In English, verbs therefore may be used intransitively (without a direct object), or transitively (with one or more direct objects). And if used transitively, they may be used monotransitively (with one direct object) or ditransitively (with two objects, one indirect, one direct). Examples:
- “Sandy paid.” (a verb used intransitively)
- “Sandy paid me.” (a verb used transitively, a verb used monotransitively with one direct object)
- “Sandy paid me 10 dollars.” (a verb used transitively, a verb used ditransitively with one indirect object ("me") and one direct object ("10 dollars").)

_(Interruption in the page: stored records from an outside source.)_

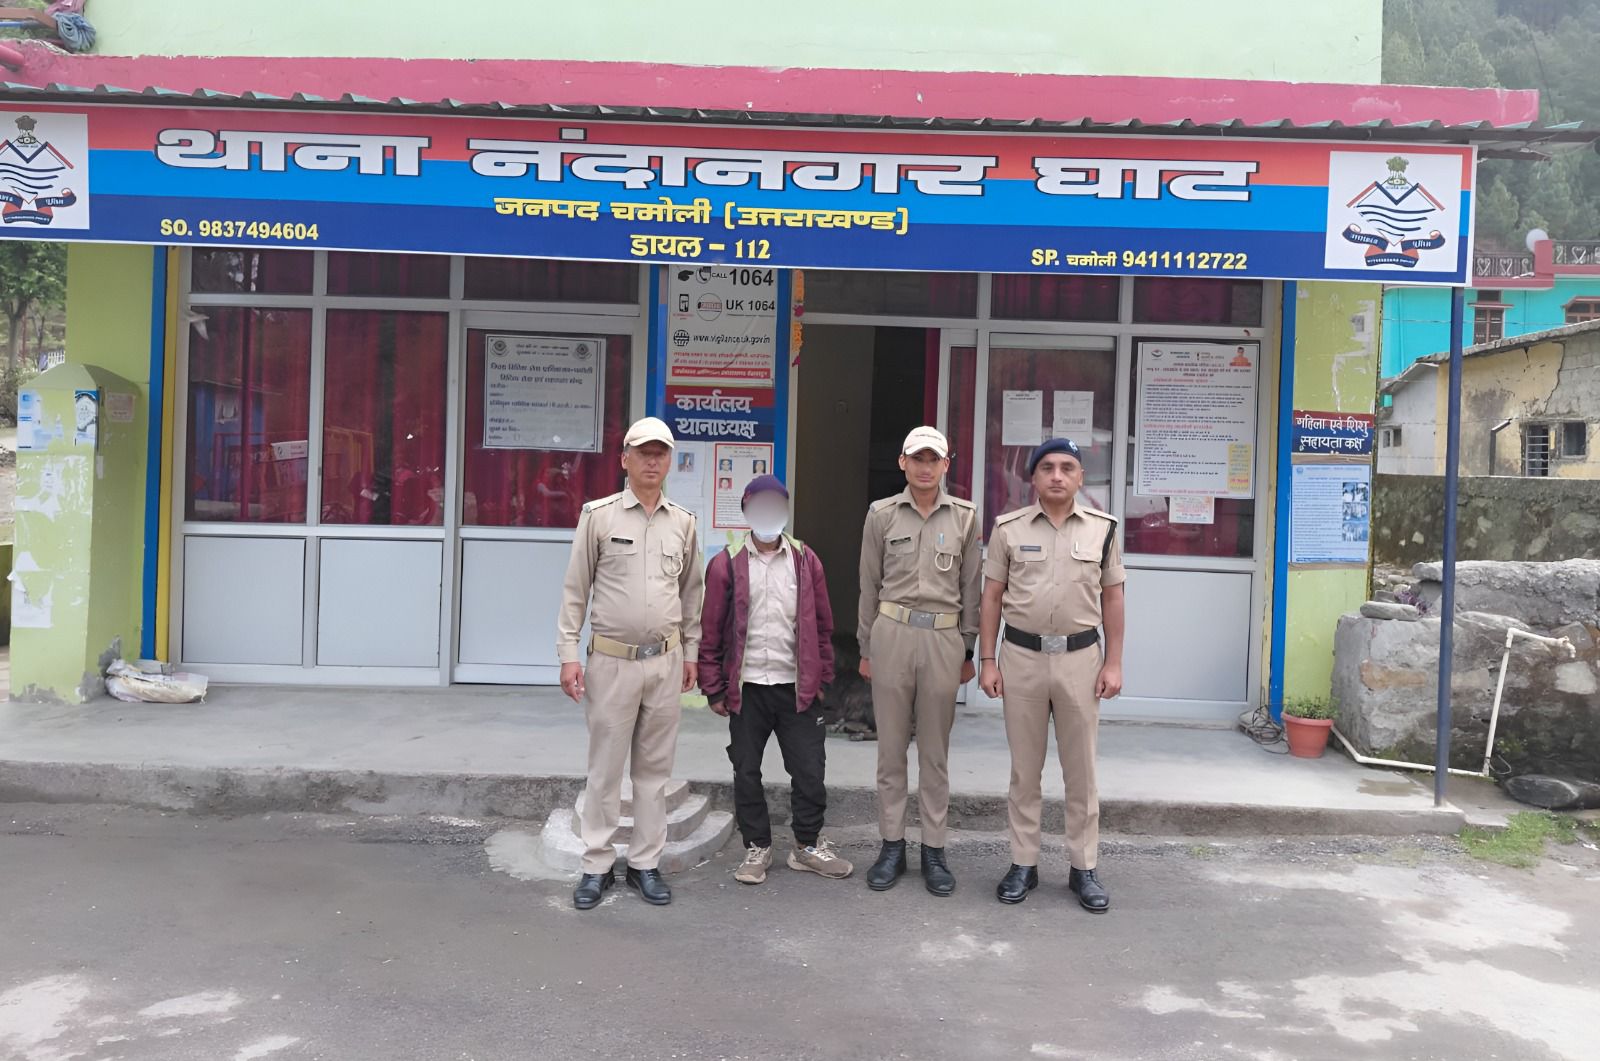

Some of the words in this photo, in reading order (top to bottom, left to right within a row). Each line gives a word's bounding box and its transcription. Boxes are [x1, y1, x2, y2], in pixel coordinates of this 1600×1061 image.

[155, 128, 432, 176] थाना
[468, 127, 998, 196] नंदानगर
[1033, 156, 1260, 202] घाट
[494, 197, 600, 220] जनपद
[611, 197, 711, 225] चमोली
[160, 218, 193, 236] SO.
[199, 219, 319, 240] 9837494604
[630, 234, 703, 258] डायल
[735, 239, 771, 259] 112
[1031, 249, 1060, 266] SP.
[1066, 251, 1117, 267] चमोली
[1122, 251, 1248, 270] 9411112722
[729, 268, 774, 286] 1064
[726, 299, 744, 311] UK
[748, 300, 775, 311] 1064
[674, 389, 753, 414] कार्यालय
[675, 418, 758, 439] थानाध्यक्ष
[1296, 415, 1325, 430] महिला
[1330, 416, 1343, 434] एवं
[1346, 416, 1369, 436] शिशु
[1300, 435, 1342, 450] सहायता
[1343, 437, 1364, 451] कक्ष

An intransitive verb must be used intransitively, a transitive verb must be used transitively, and an ambitransitive verb may be used transitively or intransitively. Therefore not all verbs used transitively are transitive verbs, and not all verbs used intransitively are intransitive verbs. For clarity and unambiguity therefore, we have chosen to make this distinction between "transitive verb" and "verb used transitively" and between intransitive verb and "verb used intransitively.”
Some pedagogic grammars may however refer to “ditransitive verbs" and even "tritransitive verbs.”
A verb used ditransitively can be used as such only if it can undergo dative shift.